We investigated how evaluating emergent and unintended outcomes can inform an educational program in ways that extend beyond the results of usual, outcome-based methods. Whereas the Canadian Child Health Clinician Scientist Program (CCHCSP), which is a program focused on educating a new generation of child and youth health clinician scientists, uses a logic model—an outcome-focused framework—as its primary program evaluation strategy, we devised supplementary methods to determine whether the CCHCSP affects learners in ways that are unanticipated and whether identification of such unanticipated outcomes might provide novel insights into the effectiveness of the CCHCSP.15
The overarching objective of the CCHCSP is to educate a new generation of clinician scientists in child and youth health within an interdisciplinary model. The CCHCSP is a partnership among 17 Canadian child-and-youth-health-focused academic health centers (AHCs). CCHCSP mandates mentored research training at the doctoral, postdoctoral, or career development level. CCHCSP trainees engage in a curriculum which consists of four major components: Web-based learning modules, interdisciplinary mini-symposia, an annual national symposium, and international meetings.

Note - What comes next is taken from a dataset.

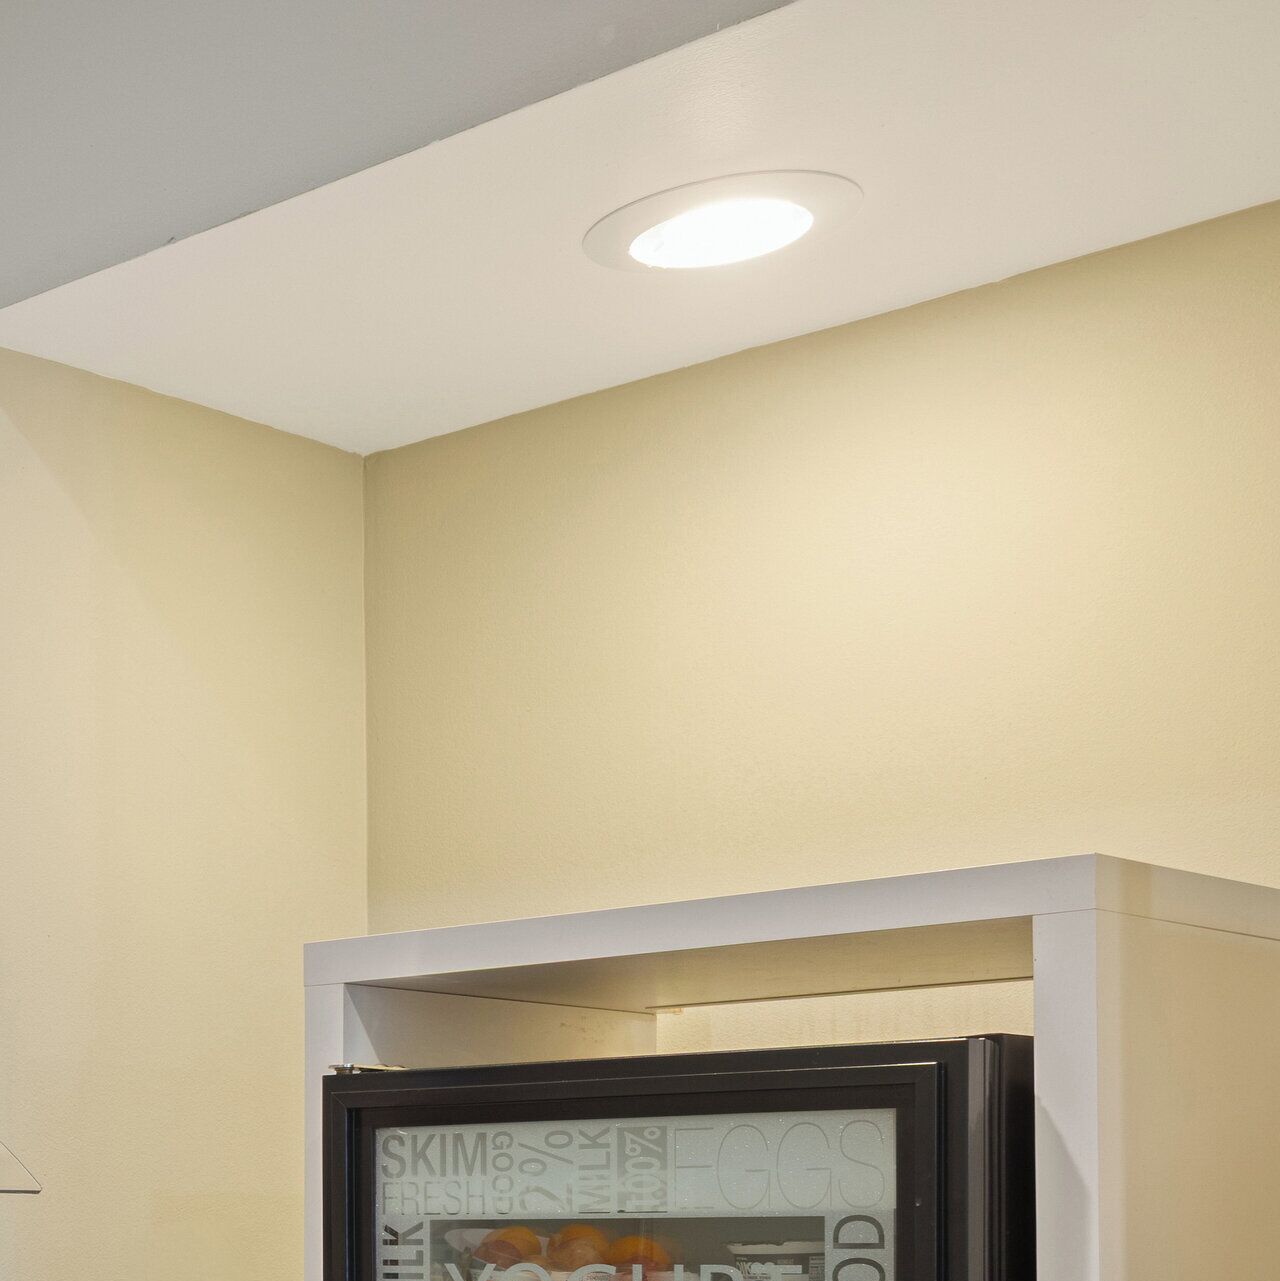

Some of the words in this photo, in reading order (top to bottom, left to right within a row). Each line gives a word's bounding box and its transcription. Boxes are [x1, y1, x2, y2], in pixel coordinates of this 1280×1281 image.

[381, 1131, 488, 1179] SKIM
[674, 1119, 886, 1210] EGGS
[381, 1180, 487, 1216] FRESH

The five online learning modules focus on the following subject areas or content: (1) research ethics and conflicts of interest, (2) research design and clinical research practice, (3) managing one's career as a clinician scientist, (4) oral and written communication, and (5) knowledge translation. The online curriculum also consists of 12 case studies, each of which highlights concepts across two or more modules. Case studies contain a case scenario, learning objectives, guiding questions, and links to modular content that specifically relate to the objectives and questions. For example, the case “Wheezing in Winnipeg” focuses on study design and research ethics in clinical trials and on collaboration within a multidisciplinary framework. The content modules are available for use by trainees at any time. Small groups, which exist in each of the CCHCSP's 17 partner AHCs, meet on a regular basis to use the case studies as a starting point for discussion and learning.

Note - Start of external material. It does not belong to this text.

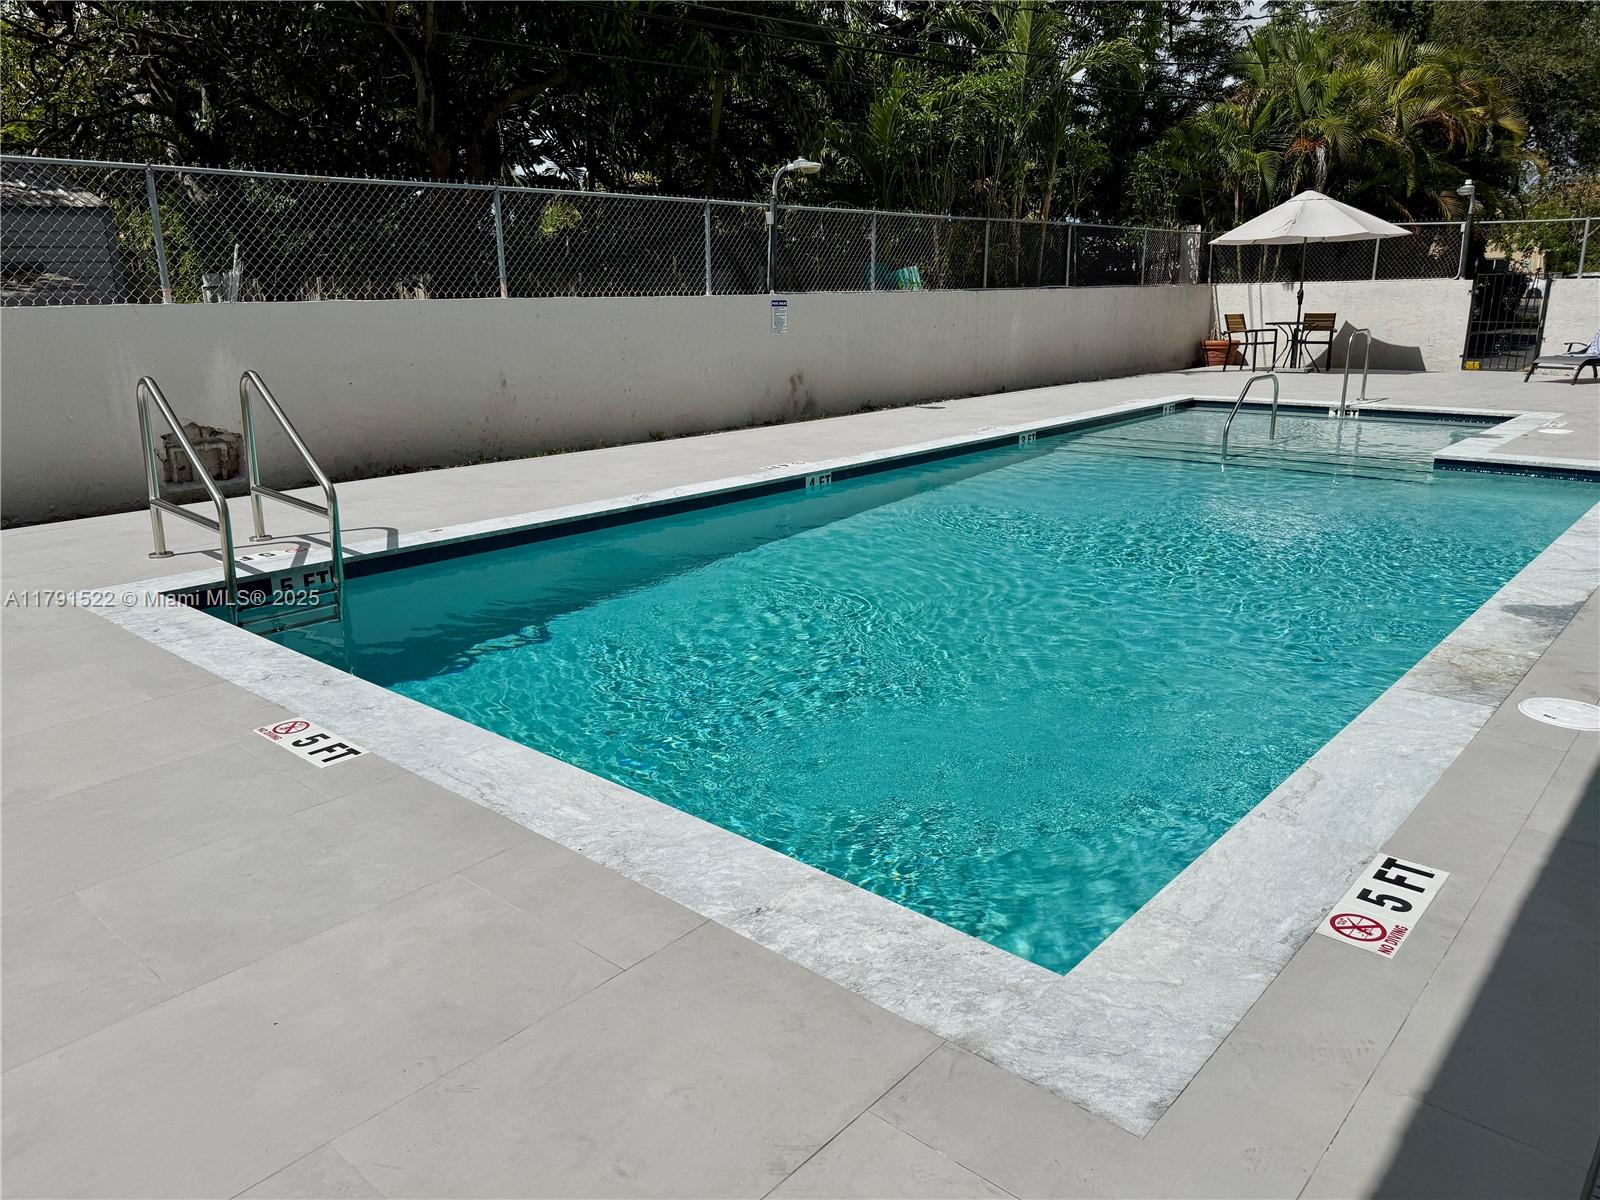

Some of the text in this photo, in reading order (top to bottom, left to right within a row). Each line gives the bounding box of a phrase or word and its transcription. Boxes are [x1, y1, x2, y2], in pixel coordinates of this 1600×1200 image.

[280, 570, 329, 592] 5 FT
[291, 733, 362, 763] 5 FT
[1356, 857, 1435, 913] 5 FT
[1377, 924, 1409, 956] NO DIVING

The CCHCSP uses research exercises at mini-symposia as key elements for learning. A typical symposium focuses on a specific theme (e.g., “collaborating in research groups”) and consists of a series of keynote lectures, working seminars that address the theme, and small-group sessions that focus on pivotal questions, which again relate to the theme. At one symposium, for example, participants were challenged to develop interdisciplinary approaches to research from planning and grant writing to study implementation and publication.
The annual national symposium, which takes place in a different Canadian city each year, also features workshops, but these focus on specific skill sets relevant to the emerging clinician scientist. Other critical components of the symposia are research presentations by graduating CCHCSP trainees and poster presentations by all other trainee attendees, a keynote address on an issue of relevance to clinician scientists, and time for the program's leaders and faculty to conduct progress meetings with trainees and (separately) with supervisors.
CCHCSP trainees participate in international symposia via the CCHCSP partnership with the Pediatric Scientist Development Program (PSDP) and the Training Upcoming Leaders in Pediatric Science (TULIPS) Program. Participation in these meetings provides an opportunity to share scientific work, to network with other leaders in the field, and to take part in career development seminars that focus on skills such as grant writing and manuscript writing.
Logic-model-based evaluation of the CCHCSP
Soon after its creation, the CCHCSP developed an evaluation framework using a program logic model. This logic model (Chart 1) was created to serve as a communication tool for the program, to inform program development, and to serve the evaluation needs of program developers and funders. The model organizes the program components being evaluated, including inputs, outputs, and anticipated outcomes. The logic model helps to identify and define types of data needed to measure processes and outcomes for each program component. These data are collected through both quantitative and qualitative assessment tools developed by the CCHCSP.
We sought, and the Hospital for Sick Children granted, ethical approval for this retrospective study. We included data from all the cohorts, up to and including the 2009 graduating cohort, in our analysis for this study.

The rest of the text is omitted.